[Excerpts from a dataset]
====================

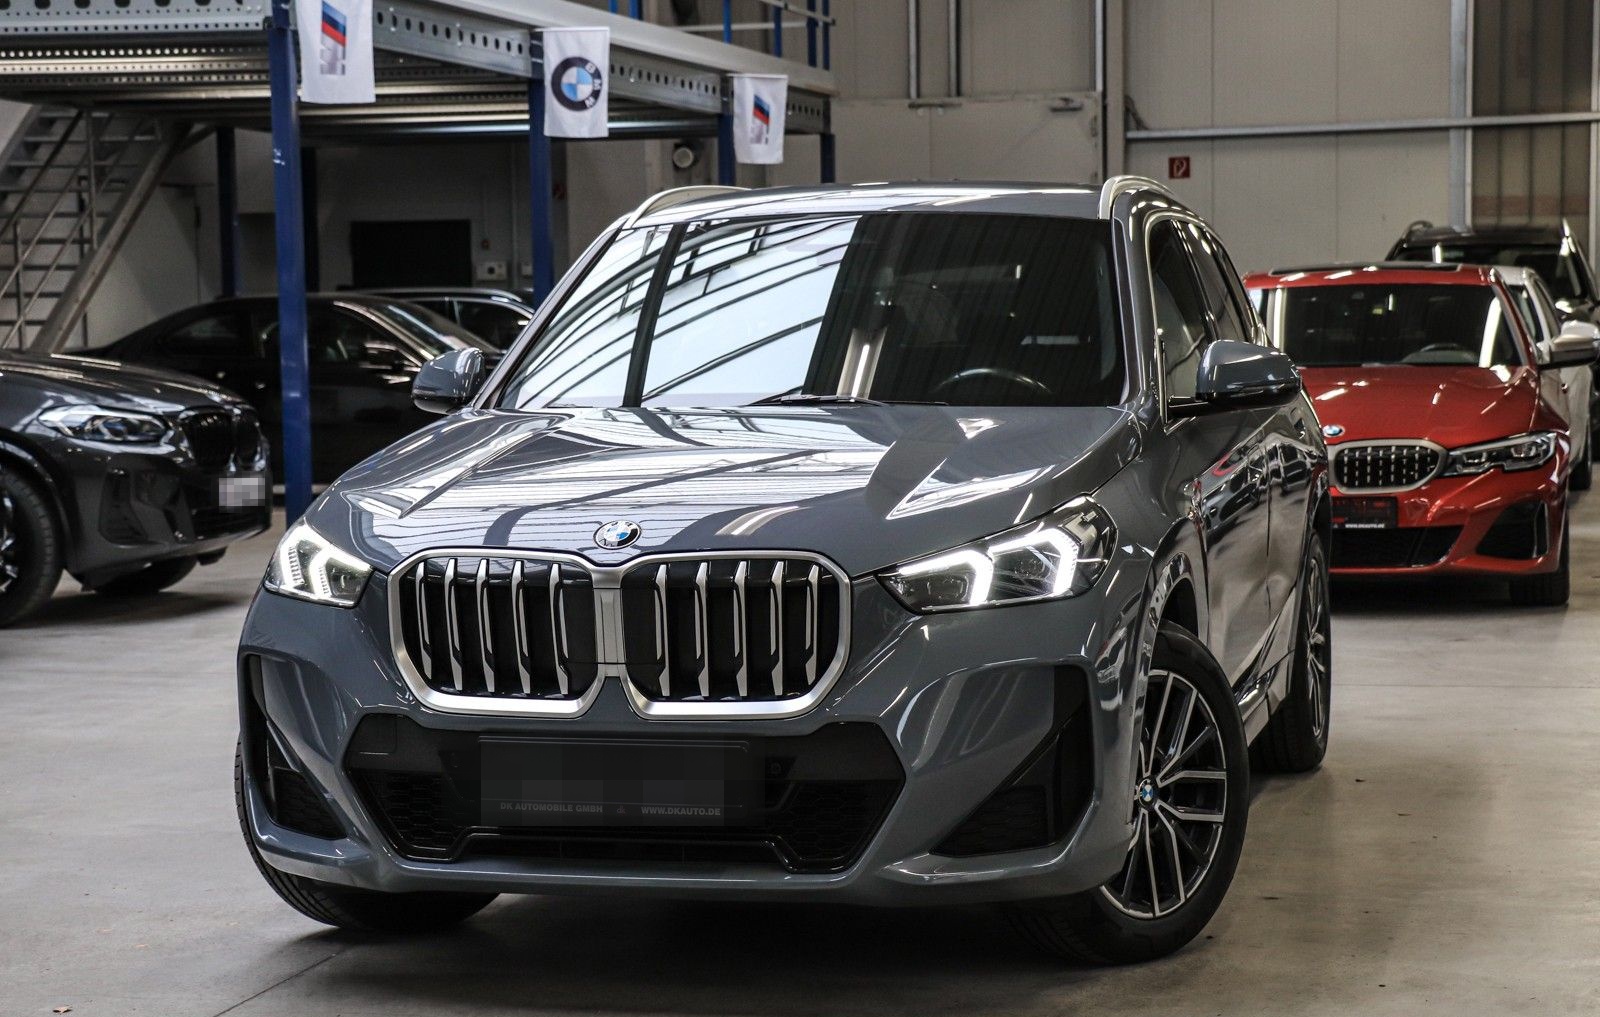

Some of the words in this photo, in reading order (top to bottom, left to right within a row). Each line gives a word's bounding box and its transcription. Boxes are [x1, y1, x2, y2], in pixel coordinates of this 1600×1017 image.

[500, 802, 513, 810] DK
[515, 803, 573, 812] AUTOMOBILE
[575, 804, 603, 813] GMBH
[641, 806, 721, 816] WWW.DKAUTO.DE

====================

* Prompt *
All of the entries above must be reproduced exactly, and no image may be included.

* Result *
Some of the words in this photo, in reading order (top to bottom, left to right within a row). Each line gives a word's bounding box and its transcription. Boxes are [x1, y1, x2, y2], in pixel coordinates of this 1600×1017 image.

[500, 802, 513, 810] DK
[515, 803, 573, 812] AUTOMOBILE
[575, 804, 603, 813] GMBH
[641, 806, 721, 816] WWW.DKAUTO.DE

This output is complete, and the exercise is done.